The two hemispheres have distinctly different appearances, with the near side covered in multiple, large maria (Latin for 'seas,' since the earliest astronomers thought, wrongly, that these plains were seas of lunar water). The far side has a battered, densely cratered appearance with few maria. Only 2.5% of the surface of the far side is covered by maria,[1] compared to 31.2% on the near side. The most likely explanation for this difference is related to a higher concentration of heat-producing elements on the near-side hemisphere, as has been demonstrated by geochemical maps obtained from the Lunar Prospector gamma-ray spectrometer. While other factors such as surface elevation and crustal thickness could also affect where basalts erupt, these do not explain why the farside South Pole-Aitken basin (which contains the lowest elevations of the Moon and possesses a thin crust) was not as volcanically active as Oceanus Procellarum on the near side (for a more detailed discussion, see Lunar mare)

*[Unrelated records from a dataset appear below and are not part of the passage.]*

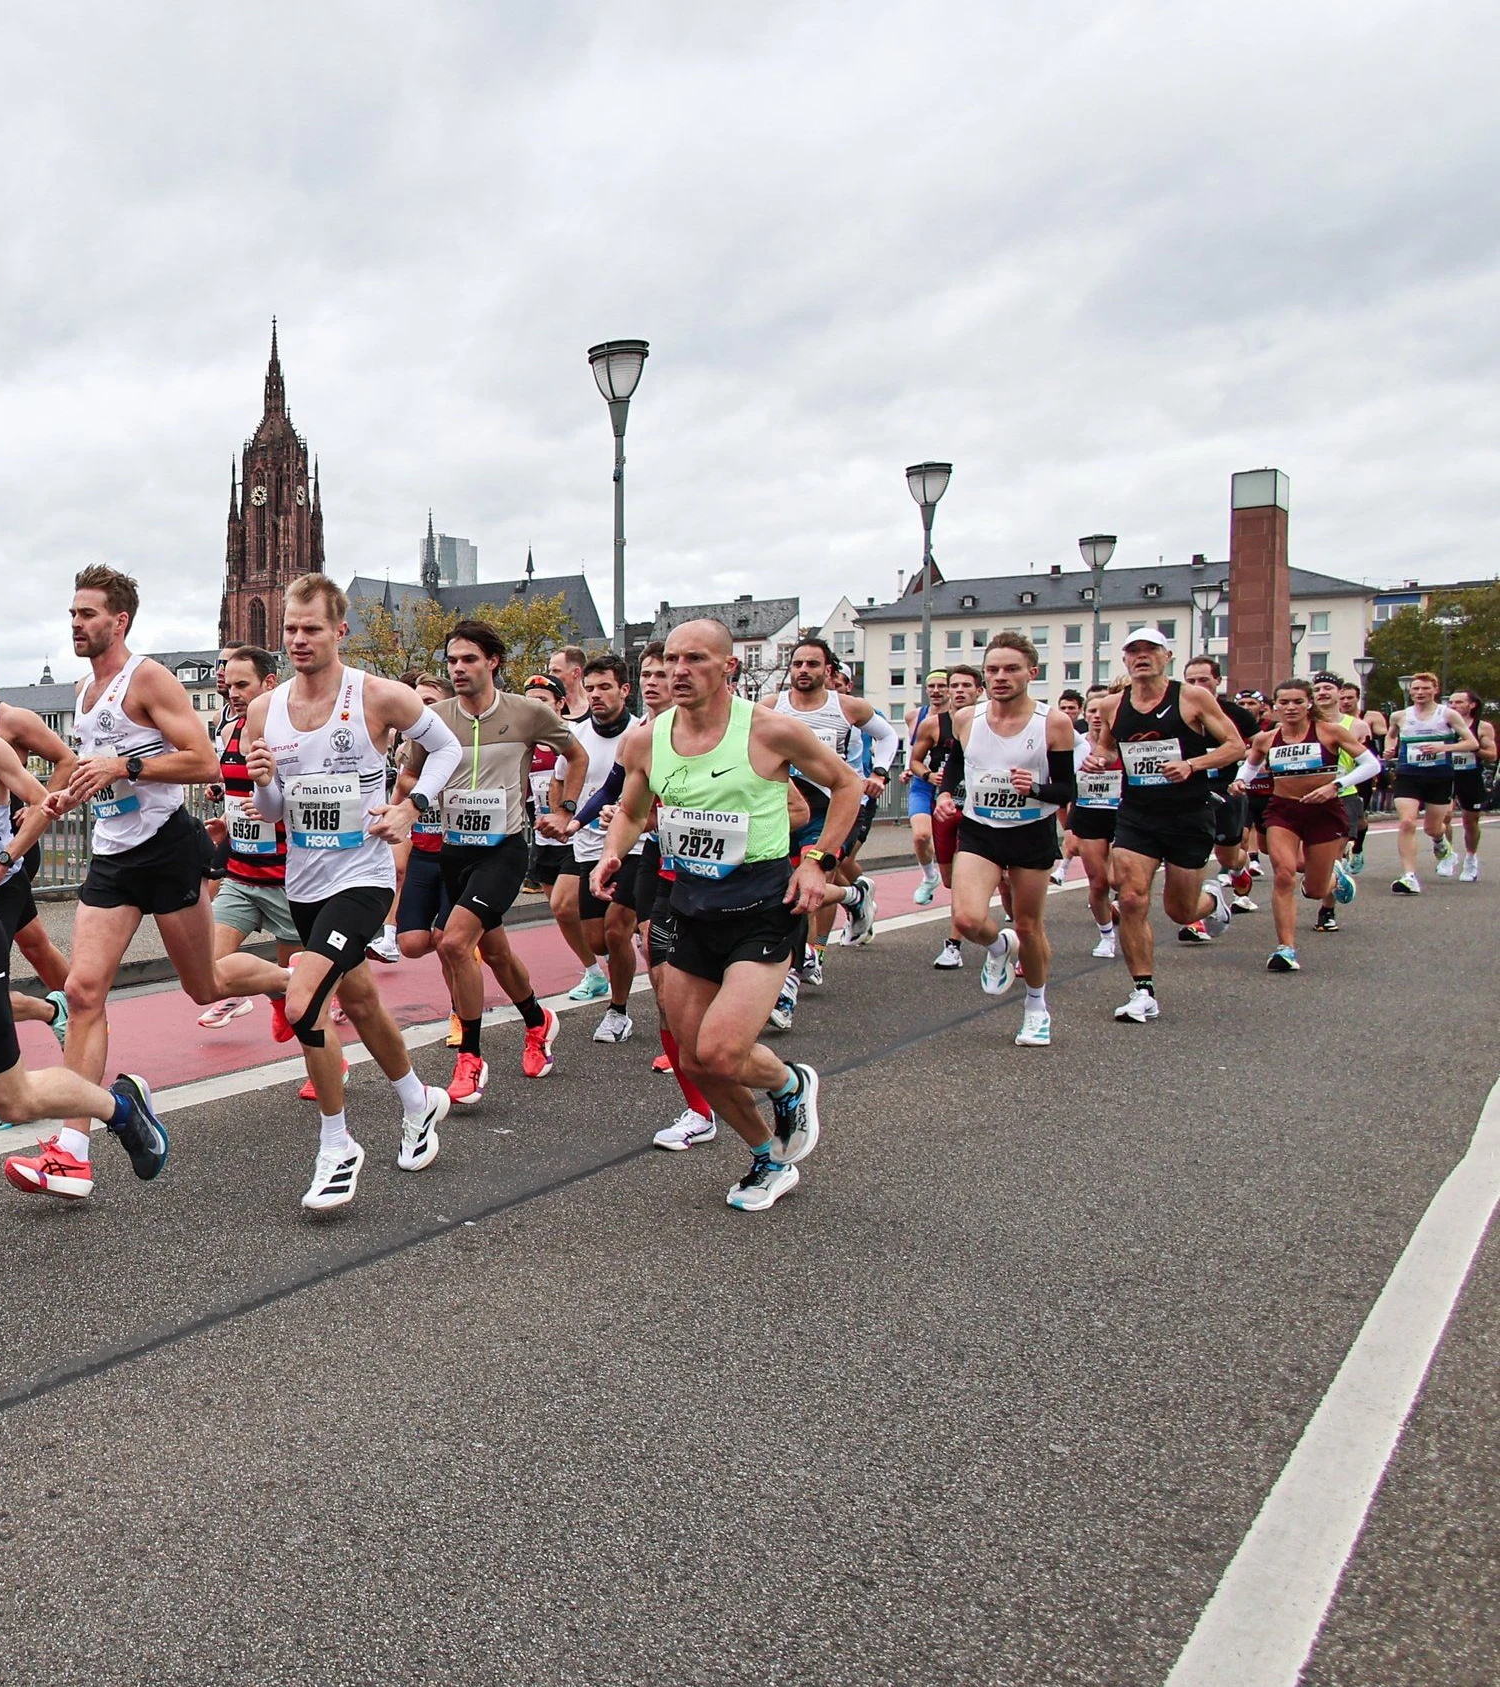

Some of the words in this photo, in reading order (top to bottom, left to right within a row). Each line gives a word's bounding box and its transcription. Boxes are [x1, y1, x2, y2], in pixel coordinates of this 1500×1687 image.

[343, 684, 353, 709] EXTRA
[1136, 745, 1174, 754] mainova
[1275, 744, 1312, 759] BREGJE
[302, 784, 352, 795] mainova
[1088, 783, 1110, 793] ANNA
[298, 801, 320, 810] Kristian
[321, 801, 341, 810] Riseth
[459, 796, 500, 805] mainova
[983, 792, 1027, 808] 12829
[100, 804, 121, 818] HOKA
[682, 810, 739, 824] mainova
[990, 810, 1021, 819] HOKA
[301, 809, 340, 831] 4189
[455, 814, 491, 831] 4386
[232, 821, 260, 840] 6930
[689, 827, 712, 836] Gaetan
[305, 835, 340, 847] HOKA
[460, 834, 488, 845] HOKA
[235, 842, 258, 853] HOKA
[678, 835, 725, 861] 2924
[684, 861, 720, 877] HOKA

Until the late 1950s little was known about properties of the far side of the Moon. Librations of the Moon periodically allowed limited glimpses of features that are located near the lunar limb on the far side. These features, however, were seen from a low angle, hindering useful observation. (It proved difficult to distinguish a crater from a mountain range.) The remaining 82% of the surface on the far side remained unknown, and its properties were subject to much speculation.

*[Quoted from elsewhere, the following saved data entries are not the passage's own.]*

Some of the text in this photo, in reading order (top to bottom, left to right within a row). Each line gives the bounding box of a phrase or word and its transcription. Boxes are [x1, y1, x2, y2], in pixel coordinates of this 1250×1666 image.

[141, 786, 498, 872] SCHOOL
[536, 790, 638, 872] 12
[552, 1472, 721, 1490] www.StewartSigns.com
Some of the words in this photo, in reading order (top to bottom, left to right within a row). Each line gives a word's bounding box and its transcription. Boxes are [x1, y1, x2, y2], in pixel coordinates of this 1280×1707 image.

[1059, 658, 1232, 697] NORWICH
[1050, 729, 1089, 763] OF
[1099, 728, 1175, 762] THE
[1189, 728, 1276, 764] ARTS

An example of a far side feature that can be viewed through libration is the Mare Orientale, which is a prominent impact basin spanning almost 1,000&_160;kilometres (600&_160;mi). Yet this was not even named as a feature until 1906, by Julius Franz in Der Mond. The true nature of the basin was discovered in the 1960s when rectified images were projected onto a globe. It was photographed in fine detail by Lunar Orbiter 4 in 1967.